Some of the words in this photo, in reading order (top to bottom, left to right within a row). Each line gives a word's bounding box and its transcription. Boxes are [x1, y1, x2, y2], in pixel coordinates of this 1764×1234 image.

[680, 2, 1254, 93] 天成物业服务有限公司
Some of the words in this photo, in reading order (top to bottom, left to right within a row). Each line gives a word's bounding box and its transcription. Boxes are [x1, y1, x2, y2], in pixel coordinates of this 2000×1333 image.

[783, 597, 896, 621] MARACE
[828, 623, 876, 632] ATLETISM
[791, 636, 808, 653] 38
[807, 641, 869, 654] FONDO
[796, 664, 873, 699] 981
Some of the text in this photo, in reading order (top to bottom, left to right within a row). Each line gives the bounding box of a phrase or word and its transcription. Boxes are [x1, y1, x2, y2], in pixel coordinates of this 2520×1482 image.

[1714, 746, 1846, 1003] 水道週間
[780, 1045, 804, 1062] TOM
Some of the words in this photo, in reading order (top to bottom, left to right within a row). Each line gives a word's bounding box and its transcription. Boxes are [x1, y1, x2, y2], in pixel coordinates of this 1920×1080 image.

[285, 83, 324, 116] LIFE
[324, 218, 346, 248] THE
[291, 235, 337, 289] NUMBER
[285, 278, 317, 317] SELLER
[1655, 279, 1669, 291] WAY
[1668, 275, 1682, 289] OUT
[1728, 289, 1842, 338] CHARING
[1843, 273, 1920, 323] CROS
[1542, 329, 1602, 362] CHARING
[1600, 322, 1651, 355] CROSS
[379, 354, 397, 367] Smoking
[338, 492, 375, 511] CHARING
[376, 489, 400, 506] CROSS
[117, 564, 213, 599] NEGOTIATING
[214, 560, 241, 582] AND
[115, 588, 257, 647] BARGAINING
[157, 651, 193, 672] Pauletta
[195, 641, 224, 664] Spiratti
---------------
- [WHAT YOU NEED TO DO]:
Beginning from the line that contains "Some of the text", give each line again exactly, through the final line of the records.

- [TASK SOLUTION]:
Some of the text in this photo, in reading order (top to bottom, left to right within a row). Each line gives the bounding box of a phrase or word and its transcription. Boxes are [x1, y1, x2, y2], in pixel coordinates of this 2520×1482 image.

[1714, 746, 1846, 1003] 水道週間
[780, 1045, 804, 1062] TOM
Some of the words in this photo, in reading order (top to bottom, left to right within a row). Each line gives a word's bounding box and its transcription. Boxes are [x1, y1, x2, y2], in pixel coordinates of this 1920×1080 image.

[285, 83, 324, 116] LIFE
[324, 218, 346, 248] THE
[291, 235, 337, 289] NUMBER
[285, 278, 317, 317] SELLER
[1655, 279, 1669, 291] WAY
[1668, 275, 1682, 289] OUT
[1728, 289, 1842, 338] CHARING
[1843, 273, 1920, 323] CROS
[1542, 329, 1602, 362] CHARING
[1600, 322, 1651, 355] CROSS
[379, 354, 397, 367] Smoking
[338, 492, 375, 511] CHARING
[376, 489, 400, 506] CROSS
[117, 564, 213, 599] NEGOTIATING
[214, 560, 241, 582] AND
[115, 588, 257, 647] BARGAINING
[157, 651, 193, 672] Pauletta
[195, 641, 224, 664] Spiratti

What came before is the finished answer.